[Opening Extracted records section]

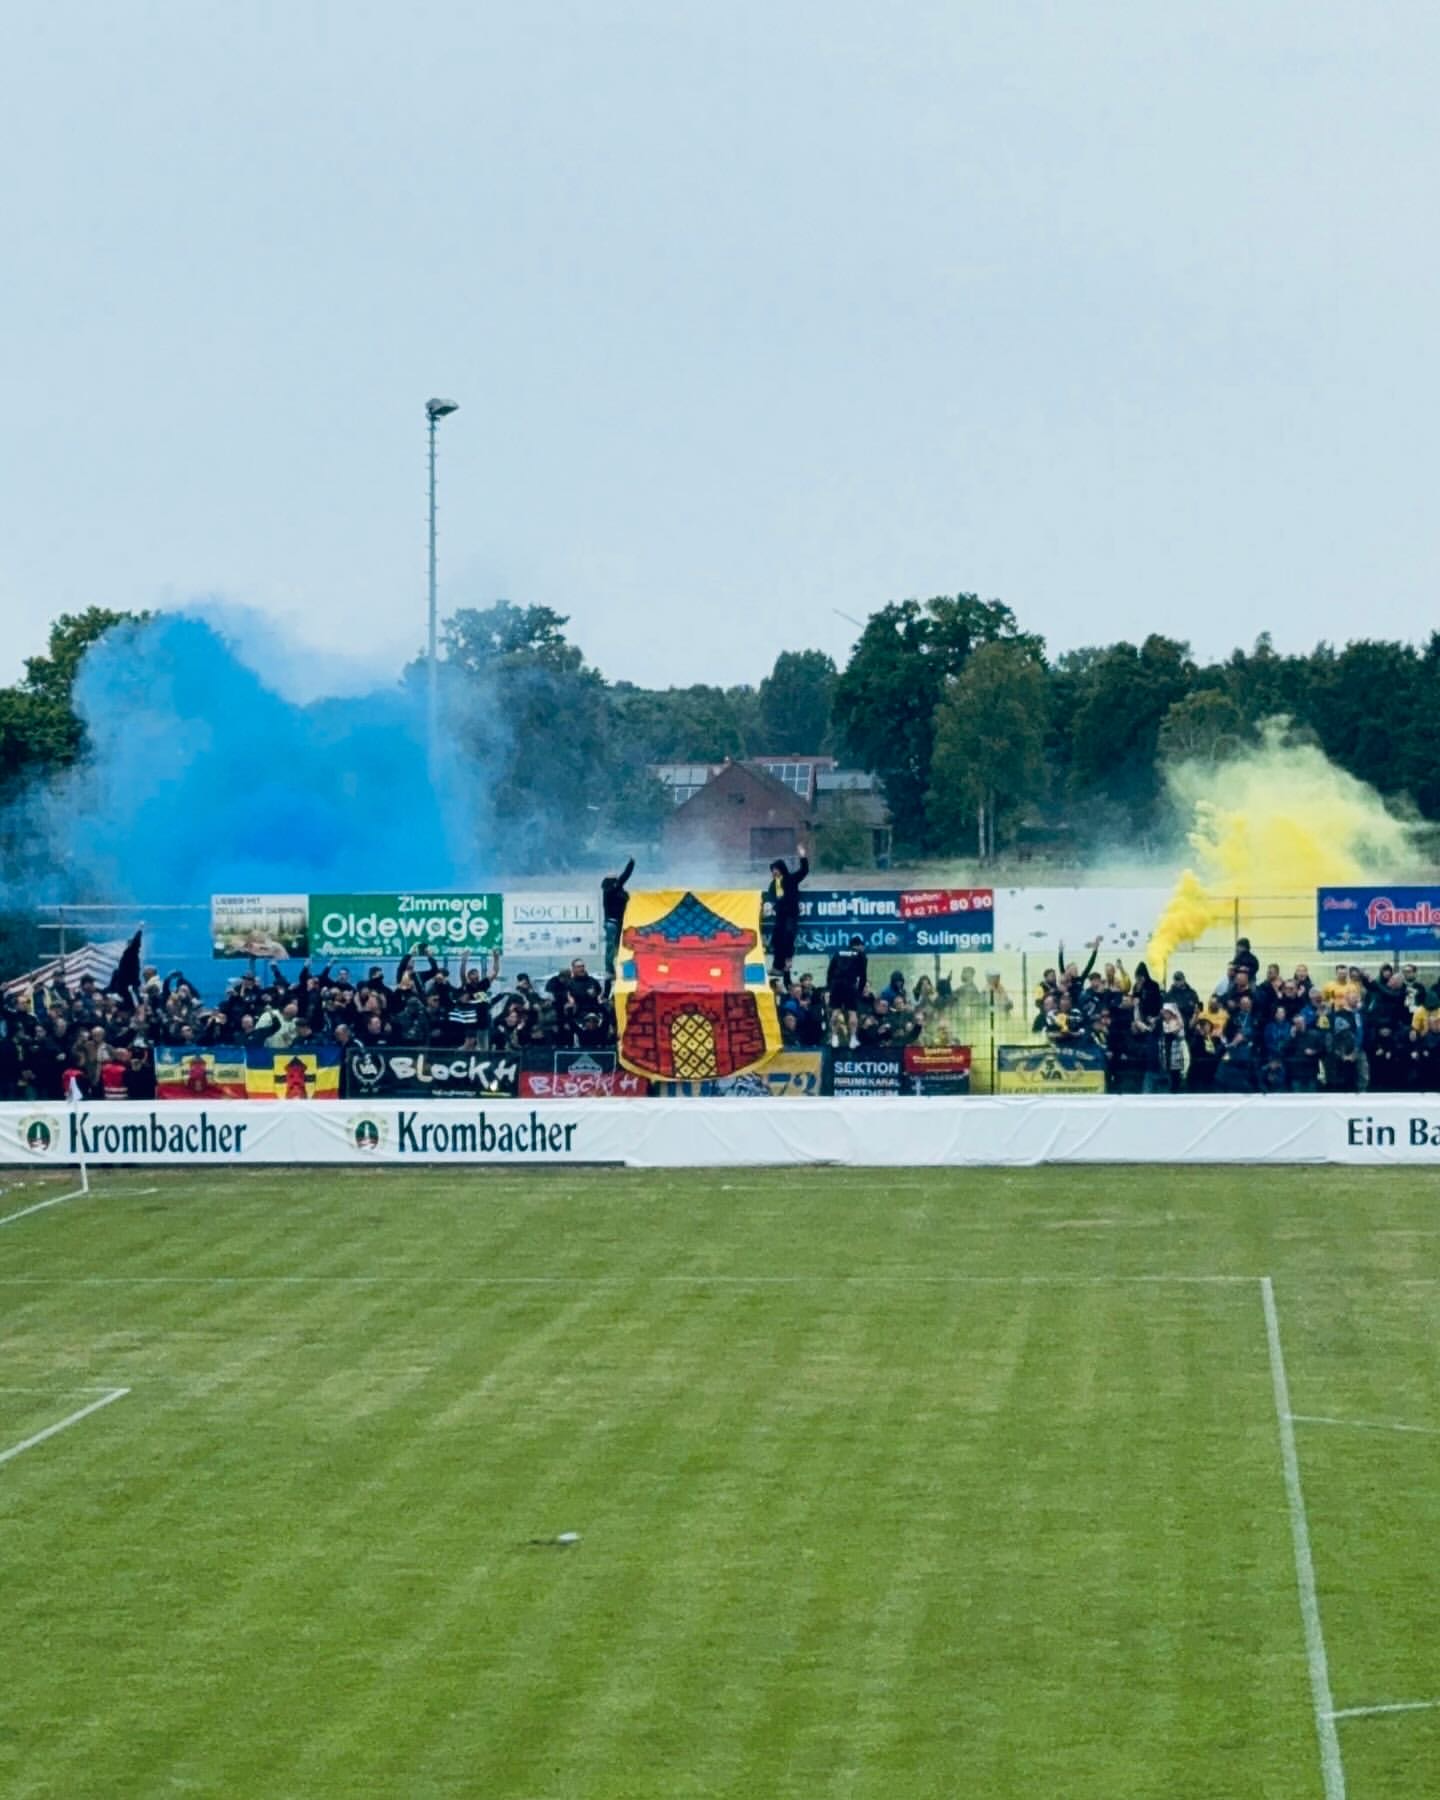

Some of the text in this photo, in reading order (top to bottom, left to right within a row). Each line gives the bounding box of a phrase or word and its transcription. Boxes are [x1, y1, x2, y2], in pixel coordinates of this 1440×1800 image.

[818, 899, 847, 915] und
[322, 913, 489, 942] Oldewage
[917, 930, 993, 949] Sulingen
[833, 1061, 900, 1075] SEKTION
[69, 1111, 248, 1153] Krombacher
[397, 1110, 578, 1153] Krombacher
[1347, 1116, 1396, 1146] Ein
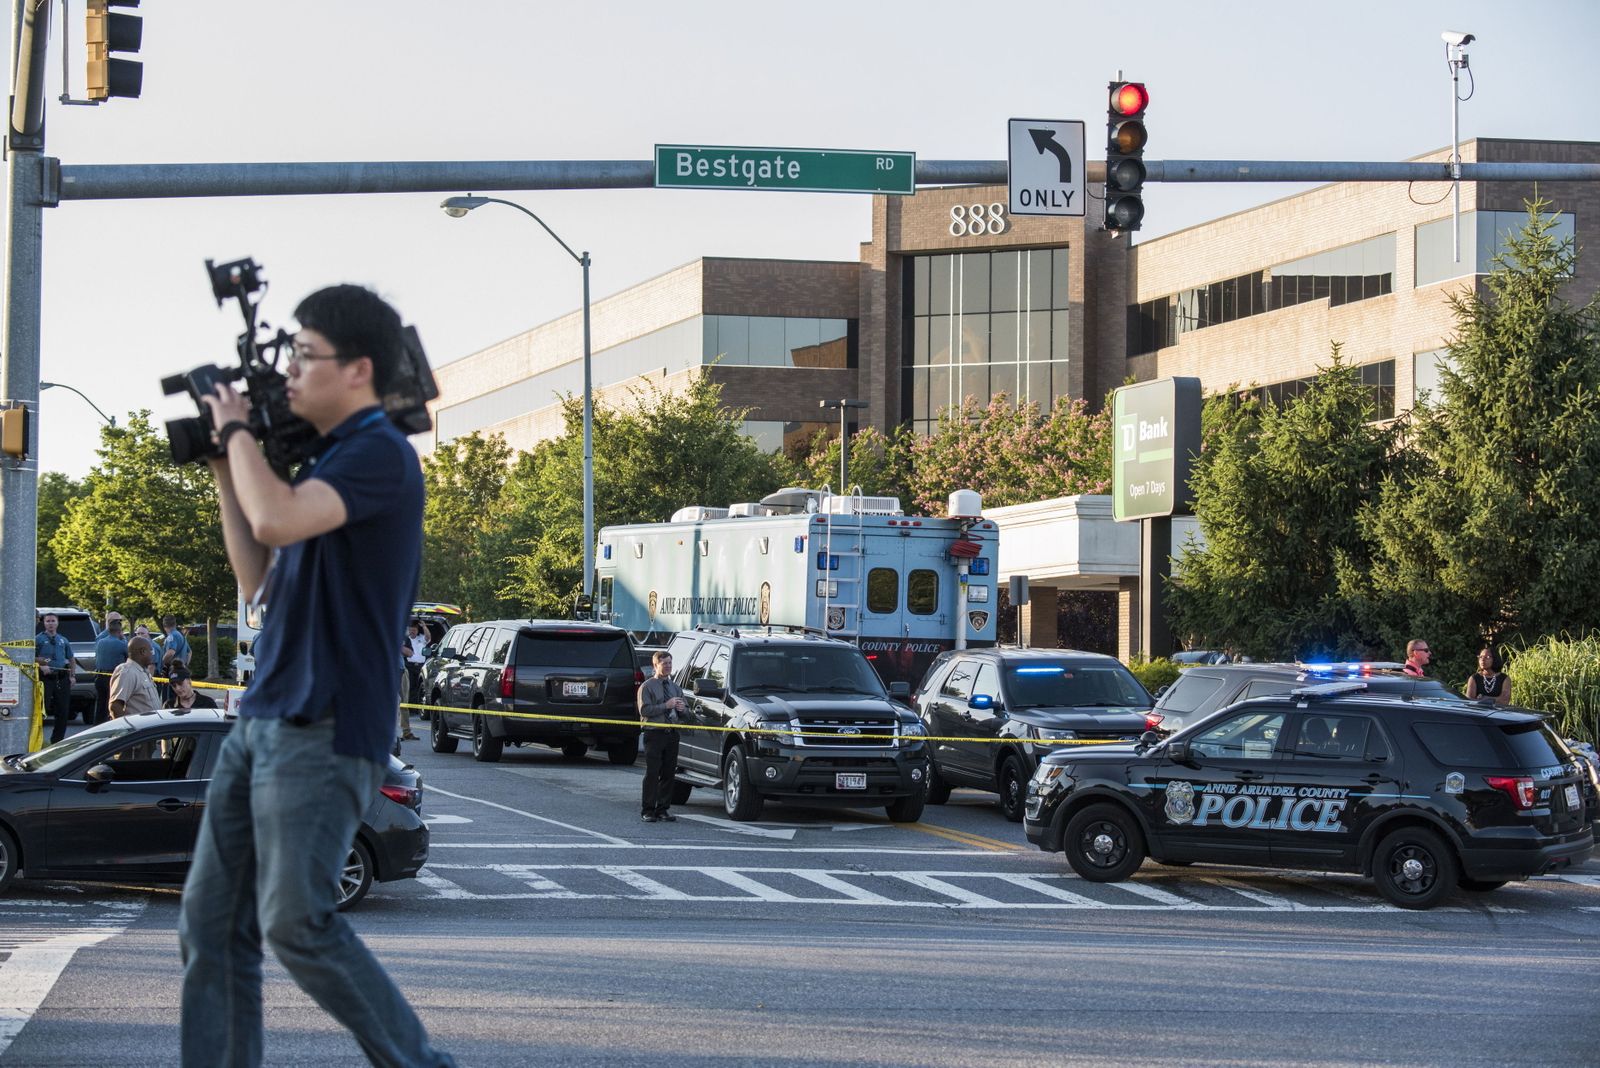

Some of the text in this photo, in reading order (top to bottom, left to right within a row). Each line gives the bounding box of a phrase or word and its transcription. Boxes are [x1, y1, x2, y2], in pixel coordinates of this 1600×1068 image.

[Closing Extracted records section]

**What is needed:** Retype each line above exactly. Leave the images out.

**Task output:**
Some of the text in this photo, in reading order (top to bottom, left to right within a row). Each line gives the bounding box of a phrase or word and its transcription. Boxes are [x1, y1, x2, y2], in pixel coordinates of this 1440×1800 image.

[818, 899, 847, 915] und
[322, 913, 489, 942] Oldewage
[917, 930, 993, 949] Sulingen
[833, 1061, 900, 1075] SEKTION
[69, 1111, 248, 1153] Krombacher
[397, 1110, 578, 1153] Krombacher
[1347, 1116, 1396, 1146] Ein

Some of the text in this photo, in reading order (top to bottom, left to right within a row). Each line gives the bounding box of a phrase or word and its transcription. Boxes are [x1, y1, x2, y2], in pixel coordinates of this 1600×1068 image.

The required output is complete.